▶ [PROBLEM STATEMENT]: Every line below is to be given again precisely; images are to be left out.

*** EXERCISE DATA

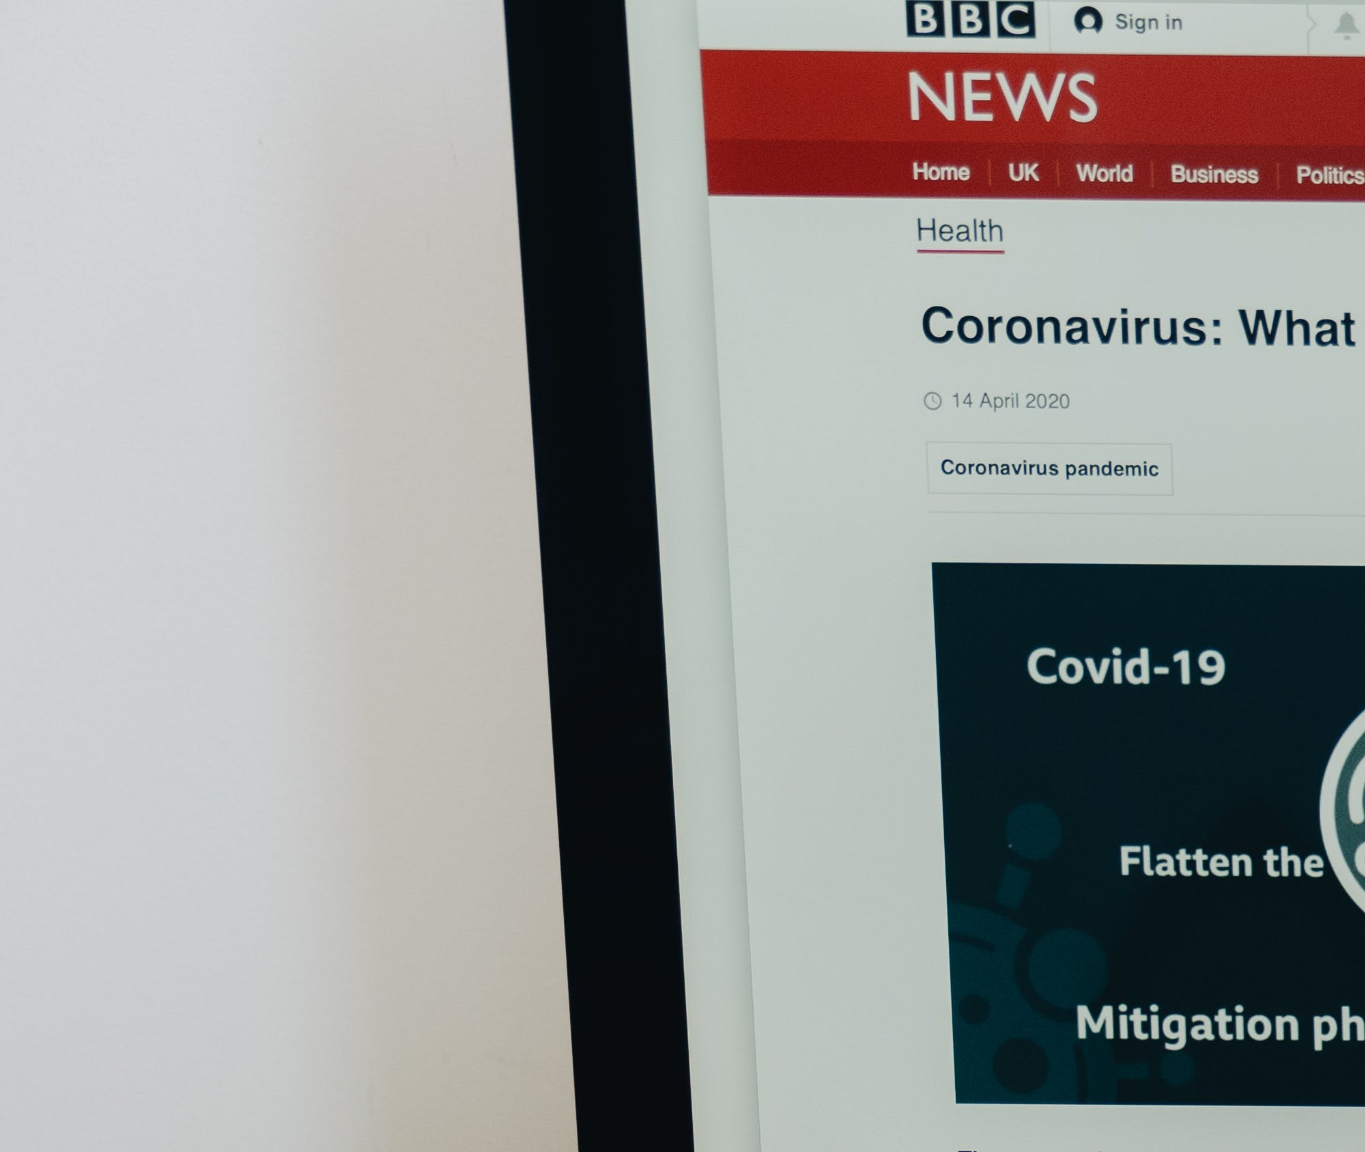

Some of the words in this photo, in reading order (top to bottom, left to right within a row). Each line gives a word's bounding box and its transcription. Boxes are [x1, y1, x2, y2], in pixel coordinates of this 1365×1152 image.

[914, 3, 1030, 34] BBC
[1116, 13, 1158, 34] Sign
[1166, 14, 1182, 30] in
[909, 71, 1097, 122] NEWS
[913, 162, 970, 181] Home
[1009, 163, 1039, 181] UK
[1076, 164, 1133, 182] World
[1171, 164, 1259, 183] Business
[1297, 165, 1365, 184] Politics
[918, 218, 1003, 242] Health
[923, 306, 1220, 345] Coronavirus:
[1238, 310, 1355, 346] What
[953, 393, 973, 407] 14
[980, 393, 1018, 412] April
[1026, 393, 1069, 409] 2020
[941, 459, 1058, 475] Coronavirus
[1066, 461, 1158, 480] pandemic
[1028, 647, 1225, 685] Covid-19
[1121, 845, 1252, 876] Flatten
[1263, 847, 1324, 879] the
[1077, 1004, 1298, 1050] Mitigation

******

▶ [SOLUTION TO THIS EXERCISE]:
Some of the words in this photo, in reading order (top to bottom, left to right within a row). Each line gives a word's bounding box and its transcription. Boxes are [x1, y1, x2, y2], in pixel coordinates of this 1365×1152 image.

[914, 3, 1030, 34] BBC
[1116, 13, 1158, 34] Sign
[1166, 14, 1182, 30] in
[909, 71, 1097, 122] NEWS
[913, 162, 970, 181] Home
[1009, 163, 1039, 181] UK
[1076, 164, 1133, 182] World
[1171, 164, 1259, 183] Business
[1297, 165, 1365, 184] Politics
[918, 218, 1003, 242] Health
[923, 306, 1220, 345] Coronavirus:
[1238, 310, 1355, 346] What
[953, 393, 973, 407] 14
[980, 393, 1018, 412] April
[1026, 393, 1069, 409] 2020
[941, 459, 1058, 475] Coronavirus
[1066, 461, 1158, 480] pandemic
[1028, 647, 1225, 685] Covid-19
[1121, 845, 1252, 876] Flatten
[1263, 847, 1324, 879] the
[1077, 1004, 1298, 1050] Mitigation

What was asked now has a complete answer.